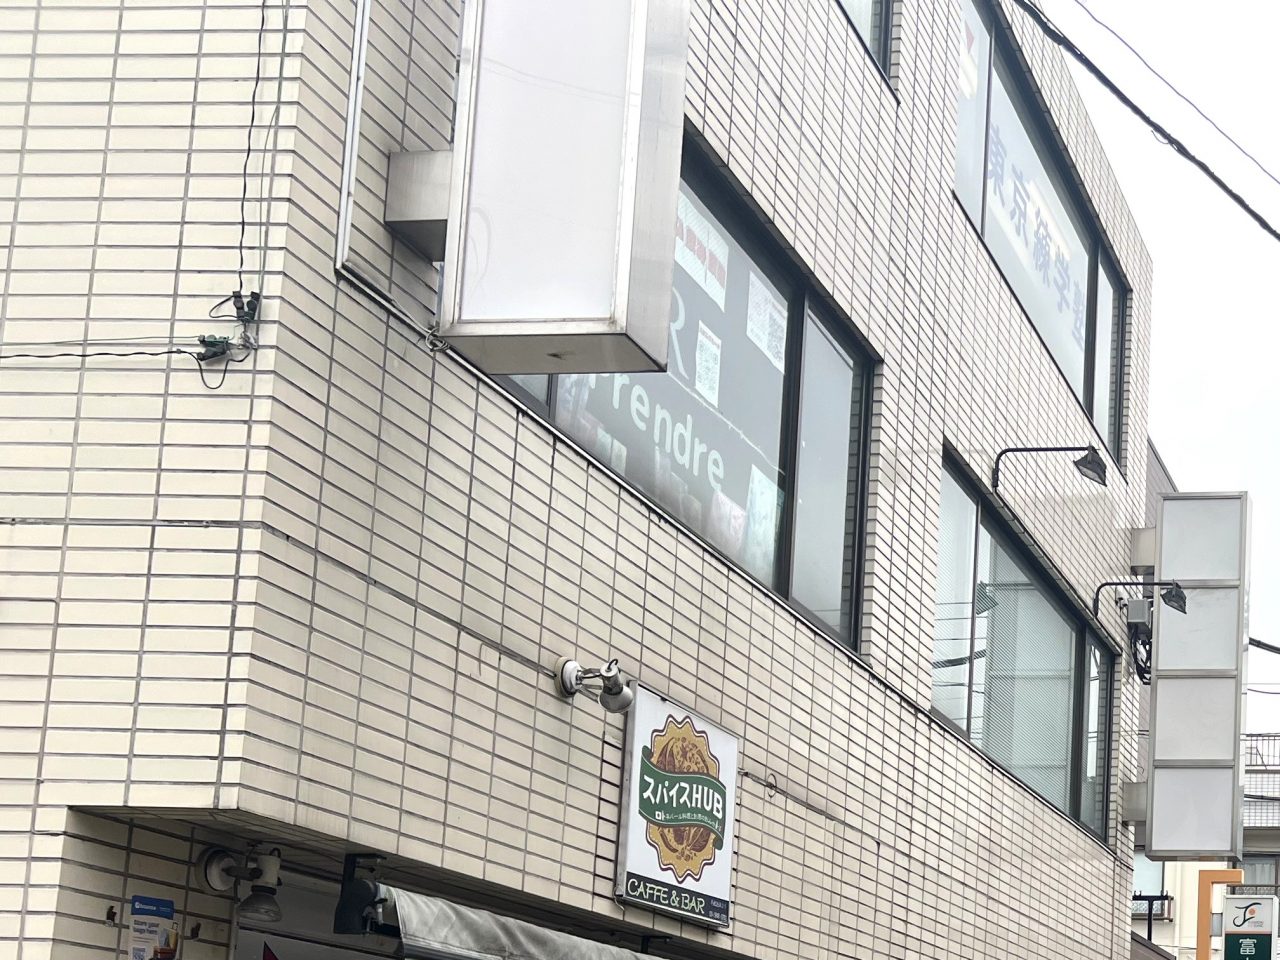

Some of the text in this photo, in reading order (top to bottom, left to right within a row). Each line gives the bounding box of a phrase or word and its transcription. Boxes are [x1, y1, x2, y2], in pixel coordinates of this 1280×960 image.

[642, 774, 724, 820] スパイスHUB
[627, 878, 669, 905] CAFFE
[669, 890, 681, 907] &
[680, 893, 706, 915] BAR

-- -- --

• _EXERCISE GOAL_
Could you return the whole listing exactly, with every picture removed?

• _EXERCISE SOLUTION_
Some of the text in this photo, in reading order (top to bottom, left to right within a row). Each line gives the bounding box of a phrase or word and its transcription. Boxes are [x1, y1, x2, y2], in pixel coordinates of this 1280×960 image.

[642, 774, 724, 820] スパイスHUB
[627, 878, 669, 905] CAFFE
[669, 890, 681, 907] &
[680, 893, 706, 915] BAR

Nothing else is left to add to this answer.